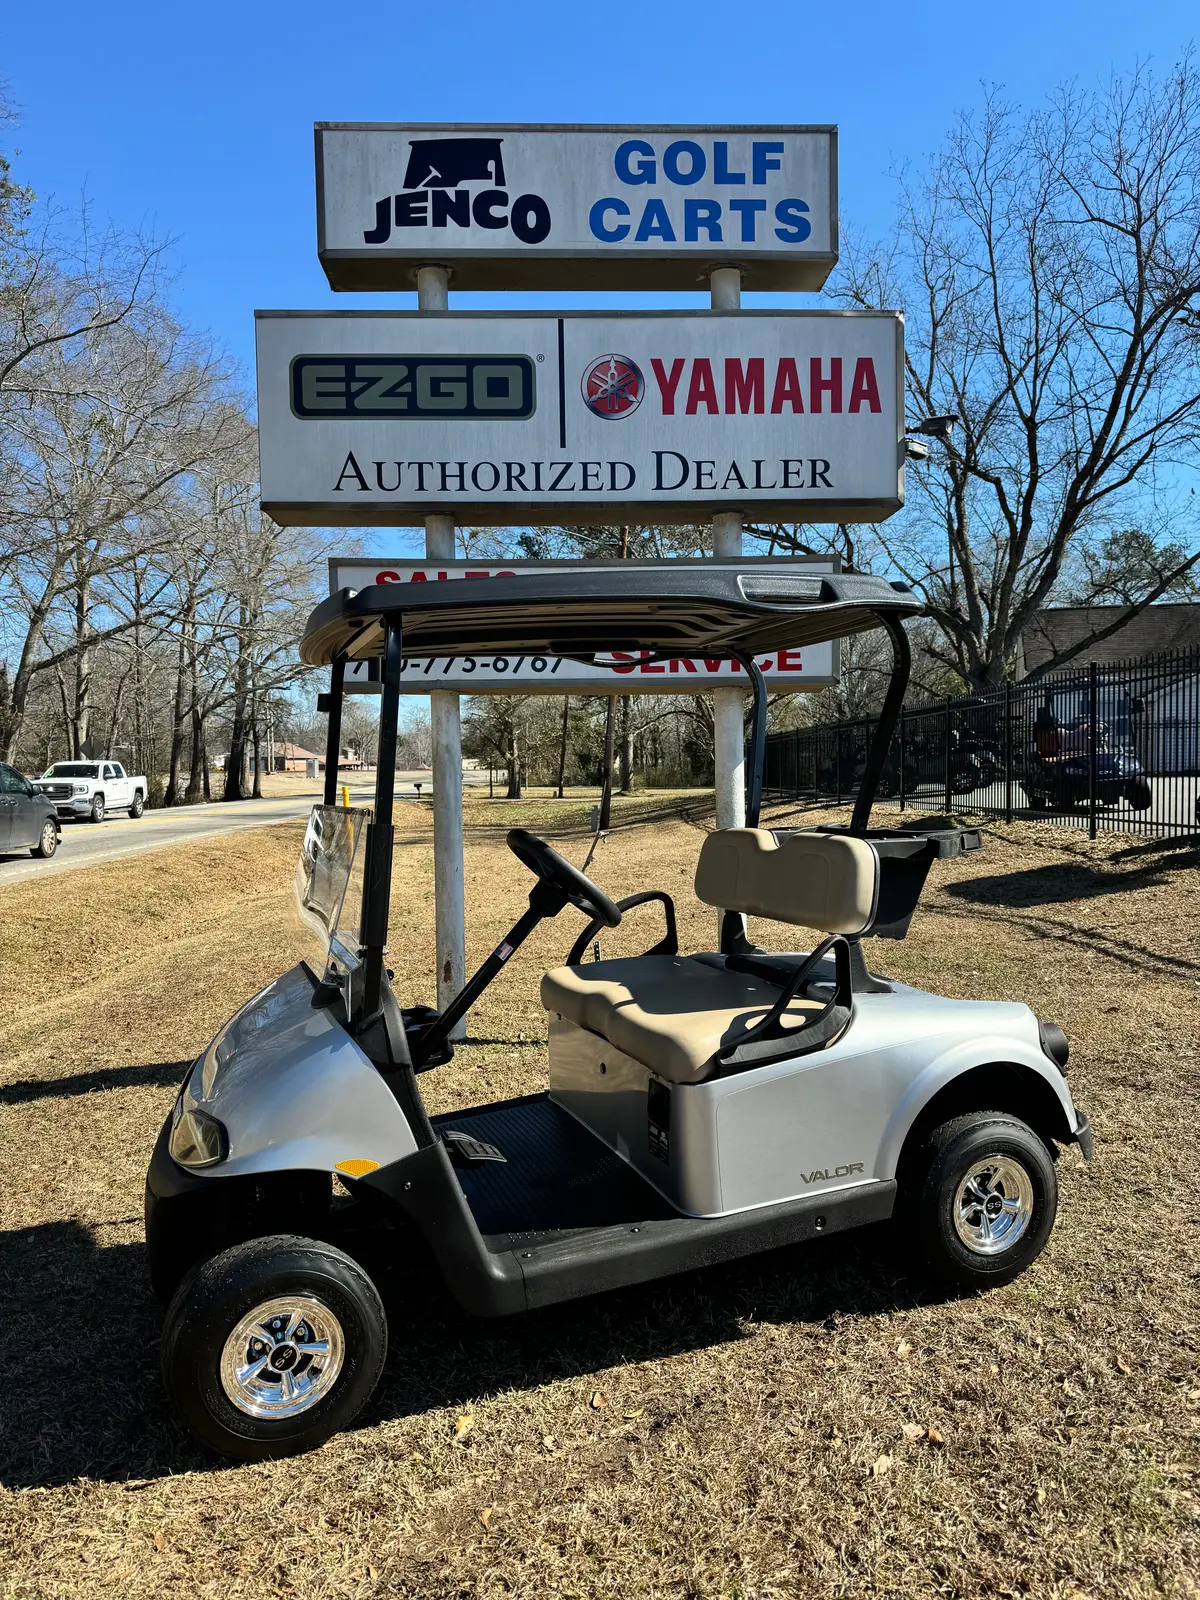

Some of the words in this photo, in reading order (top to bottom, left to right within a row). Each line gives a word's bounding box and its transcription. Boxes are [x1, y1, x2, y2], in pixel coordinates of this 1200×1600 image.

[613, 139, 785, 187] GOLF
[363, 189, 552, 245] JENCO
[588, 197, 812, 244] CARTS
[301, 364, 523, 410] EZGO
[649, 357, 882, 415] YAMAHA
[331, 450, 637, 492] AUTHORIZED
[650, 450, 835, 491] DEALER
[800, 1160, 865, 1184] VALOR
[275, 1348, 293, 1369] SS

* _ACTIVITY_
Could every entry above be printed again exactly, images excluded?

* _SOLVED EXERCISE_
Some of the words in this photo, in reading order (top to bottom, left to right within a row). Each line gives a word's bounding box and its transcription. Boxes are [x1, y1, x2, y2], in pixel coordinates of this 1200×1600 image.

[613, 139, 785, 187] GOLF
[363, 189, 552, 245] JENCO
[588, 197, 812, 244] CARTS
[301, 364, 523, 410] EZGO
[649, 357, 882, 415] YAMAHA
[331, 450, 637, 492] AUTHORIZED
[650, 450, 835, 491] DEALER
[800, 1160, 865, 1184] VALOR
[275, 1348, 293, 1369] SS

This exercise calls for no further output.